Stored data entries:

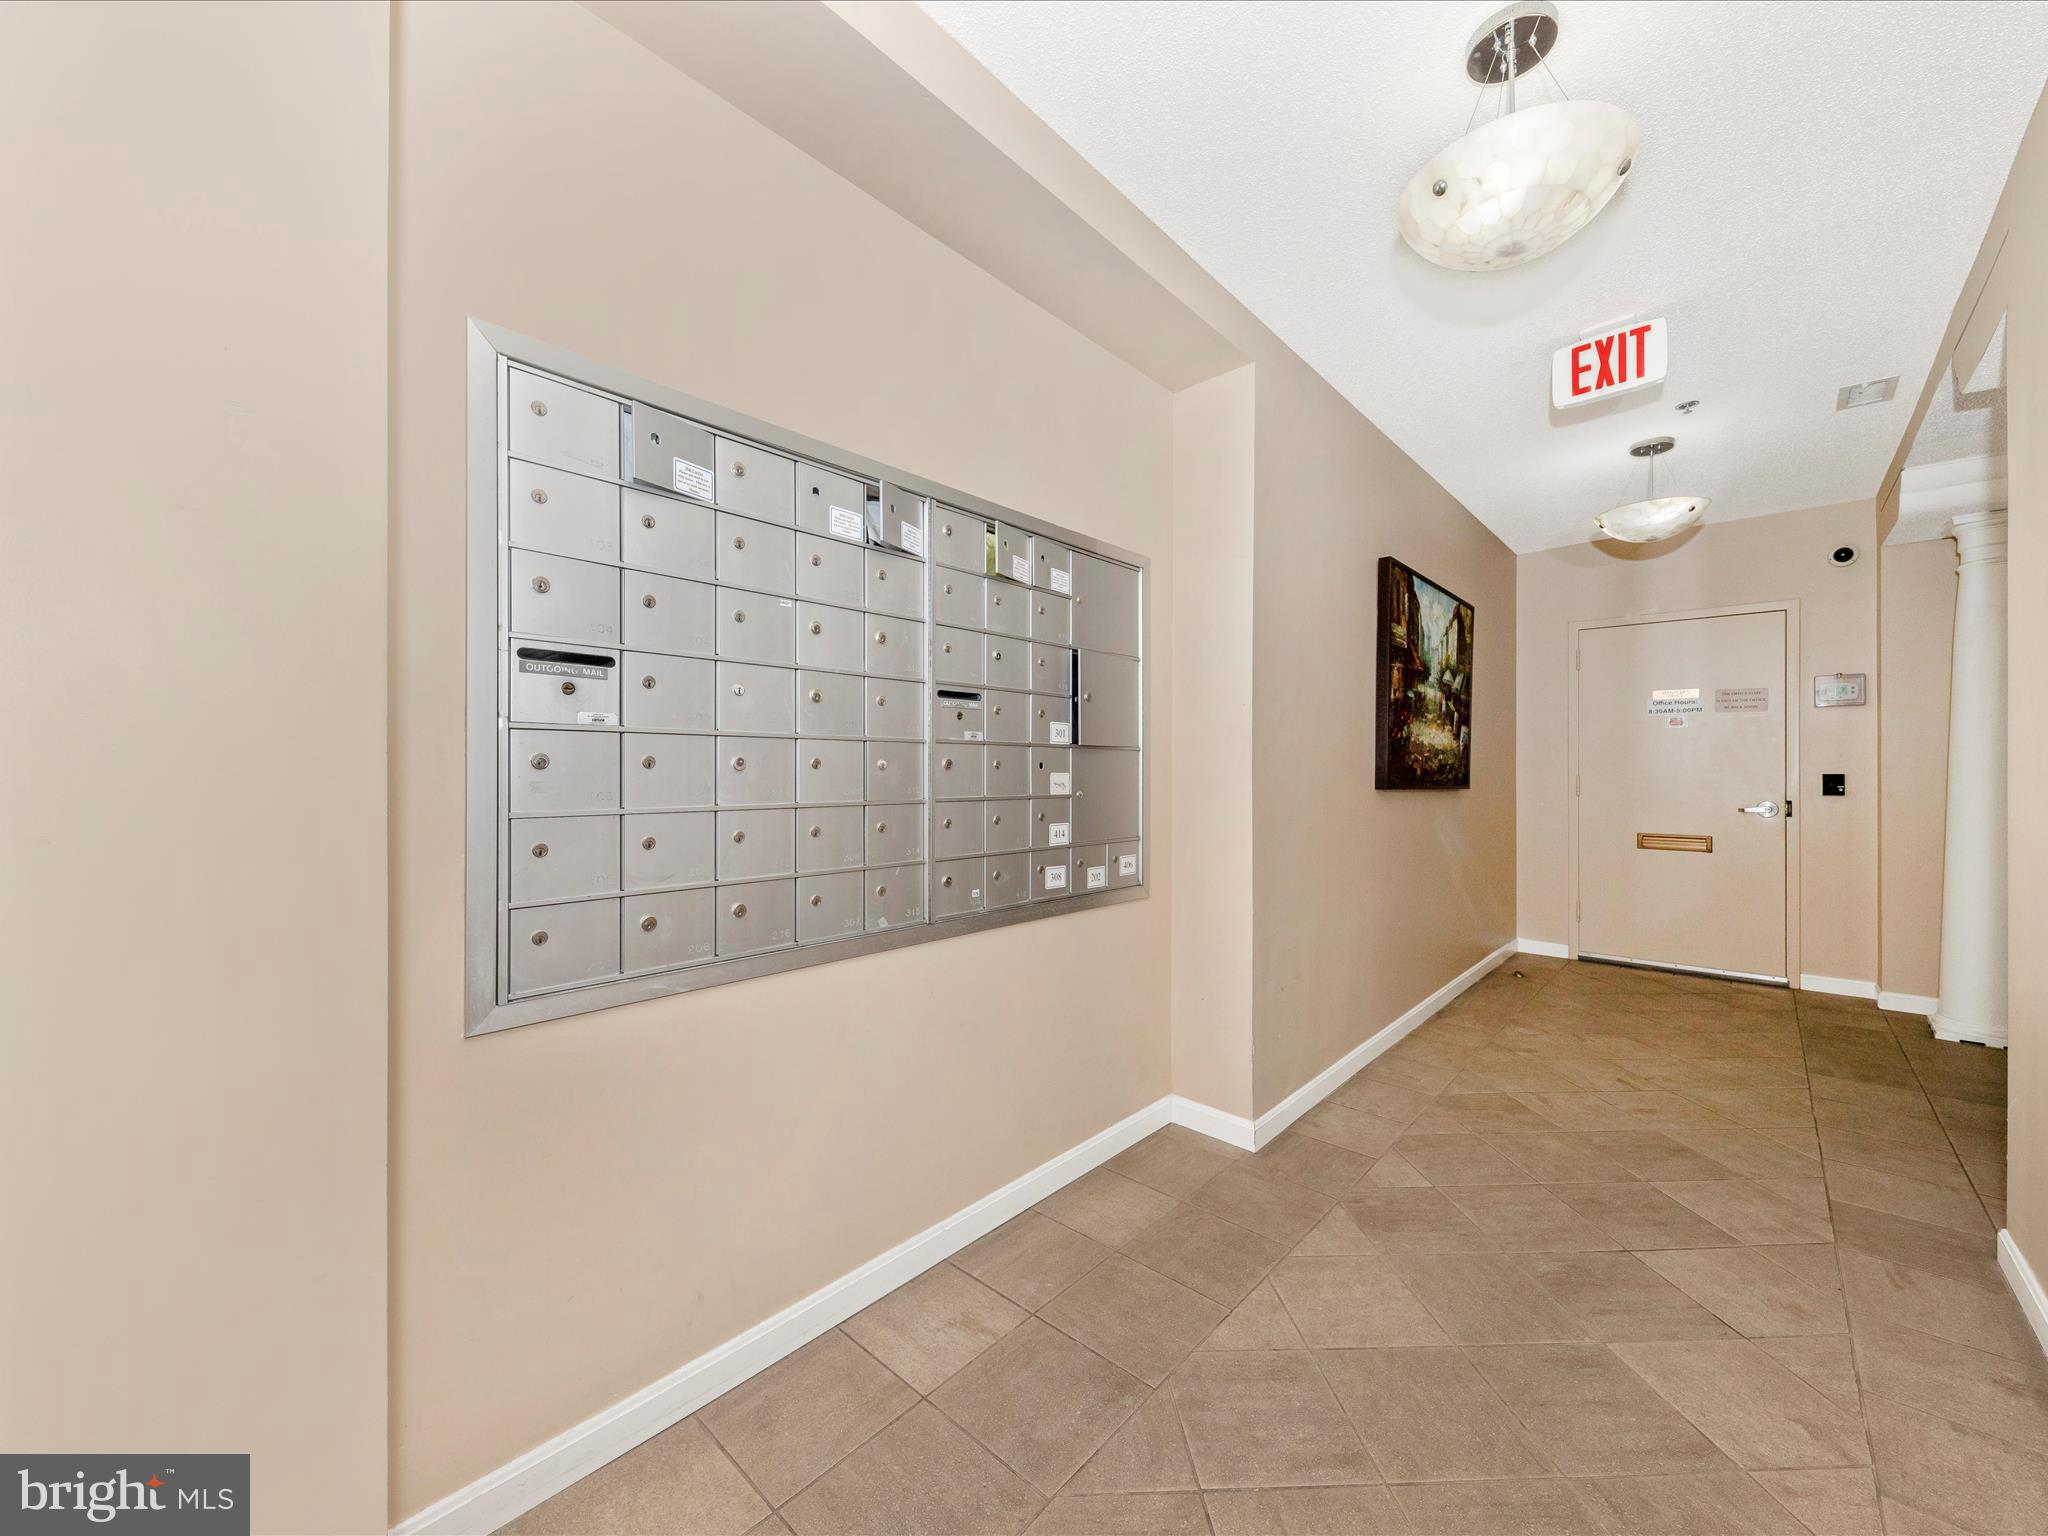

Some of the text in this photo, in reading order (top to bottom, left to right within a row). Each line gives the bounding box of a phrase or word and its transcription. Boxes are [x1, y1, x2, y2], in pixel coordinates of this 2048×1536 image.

[1571, 324, 1651, 397] EXIT
[582, 668, 604, 677] MAIL
[1648, 706, 1703, 714] 8:30AM-500PM
[1055, 729, 1066, 738] 301
[1053, 829, 1065, 839] 414
[1123, 861, 1134, 869] 406
[1050, 872, 1062, 881] 308
[1090, 872, 1101, 881] 202
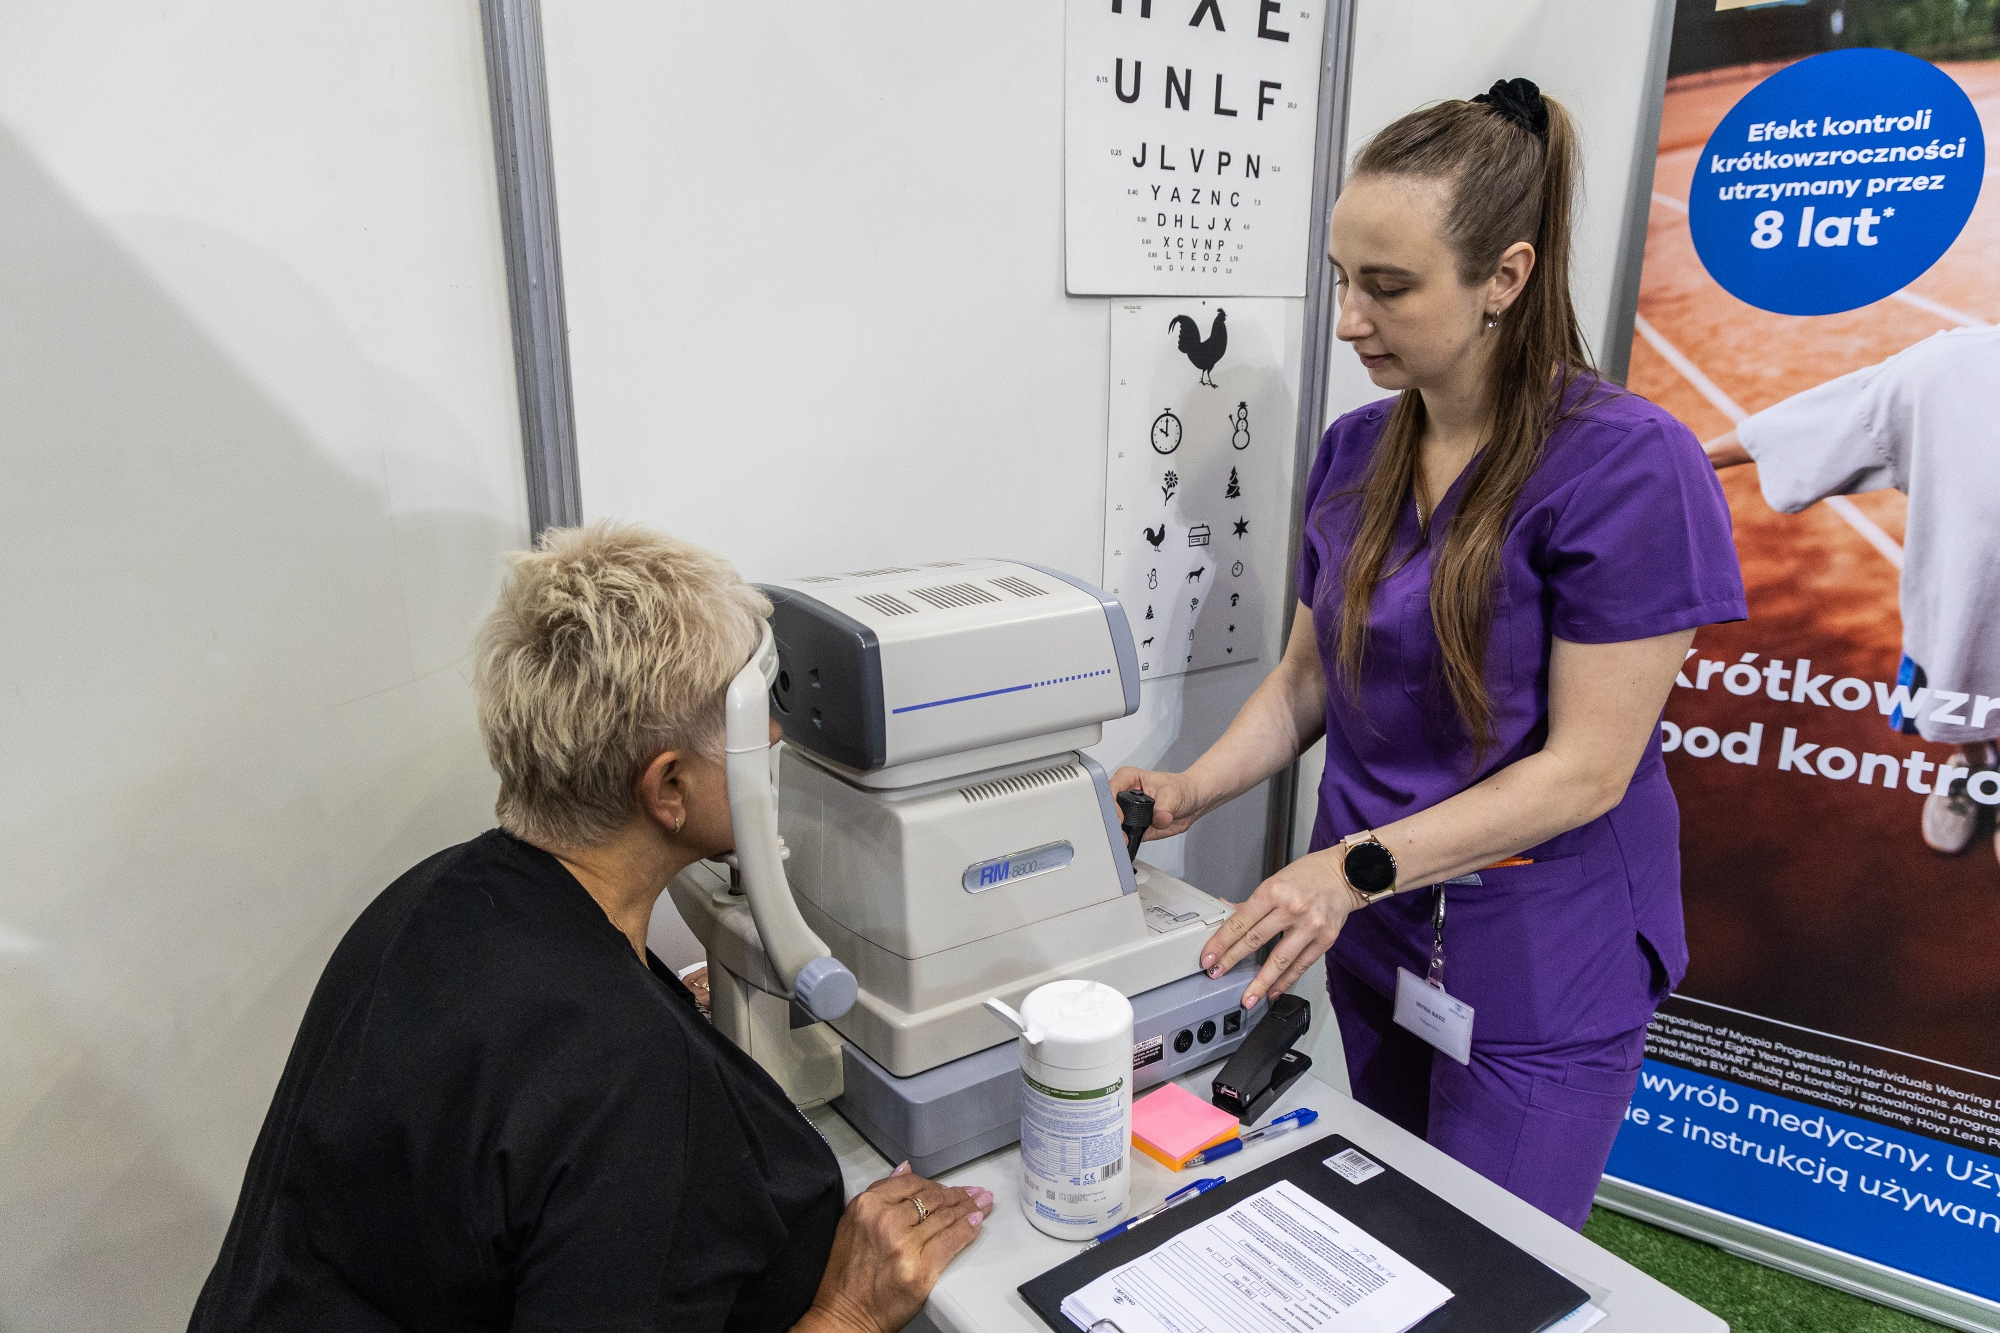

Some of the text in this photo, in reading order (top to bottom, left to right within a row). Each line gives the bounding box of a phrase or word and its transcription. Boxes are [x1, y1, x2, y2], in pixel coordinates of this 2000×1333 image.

[1711, 137, 1967, 174] krótkowzroczności
[1747, 108, 1934, 143] Efekt kontroli
[1719, 173, 1946, 202] utrzymany przez
[1750, 209, 1785, 249] 8
[1777, 727, 2000, 805] kontro
[1652, 1011, 1713, 1033] omparison
[1714, 1027, 1728, 1036] of
[1729, 1030, 1772, 1049] Myopia
[1774, 1042, 1846, 1068] Progression
[1848, 1061, 1860, 1072] in
[1862, 1065, 1933, 1091] Individuals
[1935, 1084, 1992, 1108] Wearing
[1659, 1047, 1708, 1068] Holdings
[1730, 1066, 1780, 1088] Podmiot
[1781, 1082, 1857, 1109] prowadzący
[1915, 1117, 1951, 1134] Hoya
[1953, 1128, 1985, 1145] Lens
[1665, 1025, 1705, 1043] Lenses
[1706, 1035, 1723, 1046] for
[1724, 1040, 1756, 1058] Eight
[1758, 1049, 1791, 1066] Years
[1792, 1060, 1832, 1077] versus
[1834, 1070, 1882, 1090] Shorter
[1883, 1083, 1950, 1109] Durations.
[1953, 1103, 2000, 1122] Abstra
[1785, 1070, 1802, 1081] do
[1803, 1074, 1853, 1096] korekcji
[1860, 1090, 1947, 1121] spowalniania
[1642, 1071, 1740, 1114] wyrób
[1747, 1102, 1933, 1172] medyczny.
[1656, 1114, 1675, 1134] z
[1682, 1116, 1849, 1193] instrukcją
[1859, 1174, 2000, 1234] używan
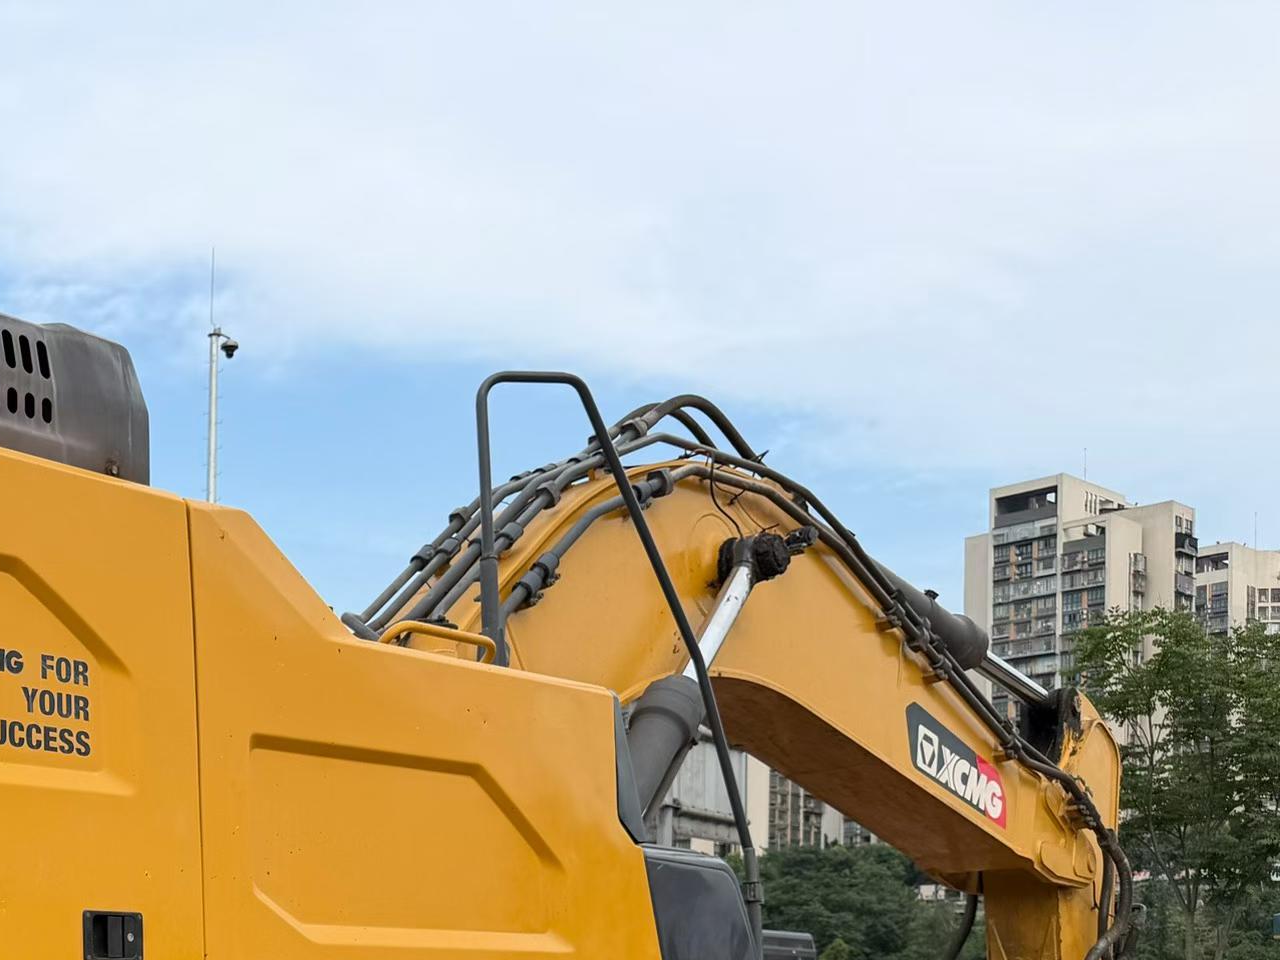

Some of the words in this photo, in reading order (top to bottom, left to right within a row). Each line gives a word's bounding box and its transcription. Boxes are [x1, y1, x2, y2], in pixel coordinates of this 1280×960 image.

[40, 655, 89, 687] FOR
[22, 687, 90, 722] YOUR
[936, 744, 1003, 820] XCMG

§ Task item
Write out each line again, exactly as it appears above, except for any picture.

§ Reply
Some of the text in this photo, in reading order (top to bottom, left to right within a row). Each line gives the bounding box of a phrase or word and its transcription. Boxes are [x1, y1, x2, y2], in pixel coordinates of this 2048×1536 image.

[1571, 324, 1651, 397] EXIT
[582, 668, 604, 677] MAIL
[1648, 706, 1703, 714] 8:30AM-500PM
[1055, 729, 1066, 738] 301
[1053, 829, 1065, 839] 414
[1123, 861, 1134, 869] 406
[1050, 872, 1062, 881] 308
[1090, 872, 1101, 881] 202

Some of the text in this photo, in reading order (top to bottom, left to right within a row). Each line gives the bounding box of a phrase or word and its transcription. Boxes are [x1, y1, x2, y2], in pixel coordinates of this 2000×1333 image.

[1711, 137, 1967, 174] krótkowzroczności
[1747, 108, 1934, 143] Efekt kontroli
[1719, 173, 1946, 202] utrzymany przez
[1750, 209, 1785, 249] 8
[1777, 727, 2000, 805] kontro
[1652, 1011, 1713, 1033] omparison
[1714, 1027, 1728, 1036] of
[1729, 1030, 1772, 1049] Myopia
[1774, 1042, 1846, 1068] Progression
[1848, 1061, 1860, 1072] in
[1862, 1065, 1933, 1091] Individuals
[1935, 1084, 1992, 1108] Wearing
[1659, 1047, 1708, 1068] Holdings
[1730, 1066, 1780, 1088] Podmiot
[1781, 1082, 1857, 1109] prowadzący
[1915, 1117, 1951, 1134] Hoya
[1953, 1128, 1985, 1145] Lens
[1665, 1025, 1705, 1043] Lenses
[1706, 1035, 1723, 1046] for
[1724, 1040, 1756, 1058] Eight
[1758, 1049, 1791, 1066] Years
[1792, 1060, 1832, 1077] versus
[1834, 1070, 1882, 1090] Shorter
[1883, 1083, 1950, 1109] Durations.
[1953, 1103, 2000, 1122] Abstra
[1785, 1070, 1802, 1081] do
[1803, 1074, 1853, 1096] korekcji
[1860, 1090, 1947, 1121] spowalniania
[1642, 1071, 1740, 1114] wyrób
[1747, 1102, 1933, 1172] medyczny.
[1656, 1114, 1675, 1134] z
[1682, 1116, 1849, 1193] instrukcją
[1859, 1174, 2000, 1234] używan

Some of the words in this photo, in reading order (top to bottom, left to right within a row). Each line gives a word's bounding box and its transcription. Boxes are [x1, y1, x2, y2], in pixel coordinates of this 1280×960 image.

[40, 655, 89, 687] FOR
[22, 687, 90, 722] YOUR
[936, 744, 1003, 820] XCMG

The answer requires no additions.